Naquele instante, um médico chegou à sala:
— Onofre Mayer?
— Somos os parentes dele — informou o rapaz, ao se levantarem.
— Concluímos o primeiro procedimento.
— O primeiro?
— Sim, senhora. Houve um corte na lateral esquerda do crânio,
causado provavelmente por uma garrafa quebrada. Retiramos estilhaços e
suturamos.
— E qual é o segundo procedimento?
— Ele quebrou o braço e foi transferido à ortopedia, para realizar
o raio-x e o engessamento.
— E como ele está, doutor?
— Medicado e consciente. Por conta dos pontos, preciso que ele
passe a noite aqui. Por causa do braço, ele deve se afastar das atividades no
trabalho por 45 dias, e depois retornar para uma avaliação. Mais alguma dúvida?
— Não, muito obrigada.
Voltaram para a recepção e o atendente indicou:
— A ortopedia fica no primeiro andar.
— Obrigado.
Desceram e, no corredor, encontraram Onofre sobre a maca, com
faixas enroladas na cabeça. Ele estava acordado; preso ao seu braço, soro
misturado com medicação. Ao ver a esposa e o filho, apenas abaixou os olhos.
— Senhor Onofre Mayer! — chamou a enfermeira do setor.
— Este aqui — Letícia informou.
— Vamos fazer o raio-x.
A esposa entregou a bolsa para o filho e empurrou a maca para
dentro da sala. Meia hora depois, com os procedimentos realizados, o casal
saía. Onofre, com o braço engessado e já sem o soro, seguia numa cadeira de
rodas, empurrado por uma enfermeira. A esposa vinha ao seu lado. Dali subiram
para a enfermaria onde uma cama o aguardava.

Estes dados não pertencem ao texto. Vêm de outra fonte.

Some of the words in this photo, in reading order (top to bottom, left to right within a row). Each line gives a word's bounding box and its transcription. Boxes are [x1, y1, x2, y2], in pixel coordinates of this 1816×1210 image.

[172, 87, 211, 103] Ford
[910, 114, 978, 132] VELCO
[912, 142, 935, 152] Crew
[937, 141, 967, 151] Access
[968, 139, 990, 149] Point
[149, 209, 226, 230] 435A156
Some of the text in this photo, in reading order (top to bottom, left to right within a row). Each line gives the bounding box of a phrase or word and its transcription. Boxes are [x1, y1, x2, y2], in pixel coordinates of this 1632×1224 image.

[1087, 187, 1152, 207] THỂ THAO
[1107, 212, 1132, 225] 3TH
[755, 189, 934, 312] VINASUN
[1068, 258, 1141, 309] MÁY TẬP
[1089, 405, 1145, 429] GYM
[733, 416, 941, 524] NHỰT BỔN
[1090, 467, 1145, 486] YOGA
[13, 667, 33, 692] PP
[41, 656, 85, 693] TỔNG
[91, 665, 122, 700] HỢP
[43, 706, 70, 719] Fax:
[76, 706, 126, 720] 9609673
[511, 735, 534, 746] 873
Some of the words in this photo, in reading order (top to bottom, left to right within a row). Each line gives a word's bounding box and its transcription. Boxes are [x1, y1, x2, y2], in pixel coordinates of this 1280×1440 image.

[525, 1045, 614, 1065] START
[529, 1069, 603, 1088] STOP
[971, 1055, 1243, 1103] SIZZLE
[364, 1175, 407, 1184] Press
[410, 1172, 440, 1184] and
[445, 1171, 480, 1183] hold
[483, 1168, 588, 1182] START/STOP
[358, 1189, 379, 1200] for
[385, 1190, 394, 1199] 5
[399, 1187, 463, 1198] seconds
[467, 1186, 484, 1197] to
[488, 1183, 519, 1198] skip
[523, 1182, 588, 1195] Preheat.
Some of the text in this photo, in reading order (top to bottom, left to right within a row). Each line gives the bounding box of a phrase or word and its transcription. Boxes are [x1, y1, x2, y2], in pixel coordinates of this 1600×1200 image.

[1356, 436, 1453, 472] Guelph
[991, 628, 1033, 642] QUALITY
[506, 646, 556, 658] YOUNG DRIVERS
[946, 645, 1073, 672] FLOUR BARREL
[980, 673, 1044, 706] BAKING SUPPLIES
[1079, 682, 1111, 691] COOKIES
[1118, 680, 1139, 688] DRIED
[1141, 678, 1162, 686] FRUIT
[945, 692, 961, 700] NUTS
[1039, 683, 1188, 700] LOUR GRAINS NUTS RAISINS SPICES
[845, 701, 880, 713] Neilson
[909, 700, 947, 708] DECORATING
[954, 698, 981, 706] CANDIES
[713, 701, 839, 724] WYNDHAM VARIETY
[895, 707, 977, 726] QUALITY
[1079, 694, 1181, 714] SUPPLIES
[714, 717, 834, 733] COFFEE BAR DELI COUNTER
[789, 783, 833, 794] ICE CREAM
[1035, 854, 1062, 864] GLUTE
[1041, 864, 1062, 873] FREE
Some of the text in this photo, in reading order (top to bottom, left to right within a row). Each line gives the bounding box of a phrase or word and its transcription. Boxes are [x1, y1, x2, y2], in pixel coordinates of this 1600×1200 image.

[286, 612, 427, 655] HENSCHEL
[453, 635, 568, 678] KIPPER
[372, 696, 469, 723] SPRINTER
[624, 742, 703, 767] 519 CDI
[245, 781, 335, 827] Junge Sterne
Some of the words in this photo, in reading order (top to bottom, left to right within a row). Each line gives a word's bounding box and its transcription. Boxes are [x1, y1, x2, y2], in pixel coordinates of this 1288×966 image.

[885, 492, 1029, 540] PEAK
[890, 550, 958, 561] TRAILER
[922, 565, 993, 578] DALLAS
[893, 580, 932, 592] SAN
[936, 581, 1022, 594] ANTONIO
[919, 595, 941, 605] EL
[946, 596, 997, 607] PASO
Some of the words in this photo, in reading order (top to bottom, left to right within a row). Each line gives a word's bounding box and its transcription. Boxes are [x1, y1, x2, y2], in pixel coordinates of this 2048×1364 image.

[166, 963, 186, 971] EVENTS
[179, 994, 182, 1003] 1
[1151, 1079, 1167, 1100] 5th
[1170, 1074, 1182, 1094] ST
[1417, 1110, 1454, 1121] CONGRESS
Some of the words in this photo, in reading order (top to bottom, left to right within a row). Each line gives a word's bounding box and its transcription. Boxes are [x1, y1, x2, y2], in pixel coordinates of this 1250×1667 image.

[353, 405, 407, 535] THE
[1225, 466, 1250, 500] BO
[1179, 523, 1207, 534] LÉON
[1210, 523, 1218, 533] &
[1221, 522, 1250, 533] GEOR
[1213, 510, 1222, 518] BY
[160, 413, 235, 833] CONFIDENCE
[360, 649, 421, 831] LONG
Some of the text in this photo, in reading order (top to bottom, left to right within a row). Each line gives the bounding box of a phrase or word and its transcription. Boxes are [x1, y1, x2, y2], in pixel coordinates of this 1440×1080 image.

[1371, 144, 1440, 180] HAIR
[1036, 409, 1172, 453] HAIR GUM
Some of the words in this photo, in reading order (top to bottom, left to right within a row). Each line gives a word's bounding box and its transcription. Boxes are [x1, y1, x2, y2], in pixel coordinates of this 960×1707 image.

— A enfermeira me entregou essas receitas e os atestados. Disse
que o pagamento é feito no caixa da entrada principal. Mas…
— Mas…?
— O valor ficou alto. São mil e cem dólares. Acho que não temos
esse dinheiro.
— Não se preocupe, mãe. Tudo dará certo.
— Tomara — ela disse, com pouca crença. — Agora preciso que
retorne para casa.
— Prefiro passar a noite aqui, com ele.
— Melhor que eu faça isso, filho. Como você dirige, pode se
locomover mais rápido. Preciso que guarde as comidas na geladeira e prepare uma
bolsa com roupas e itens de higiene para o seu pai. Volte pela manhã.
— Sim, senhora.
Eram 21h quando Rainen chegou em casa.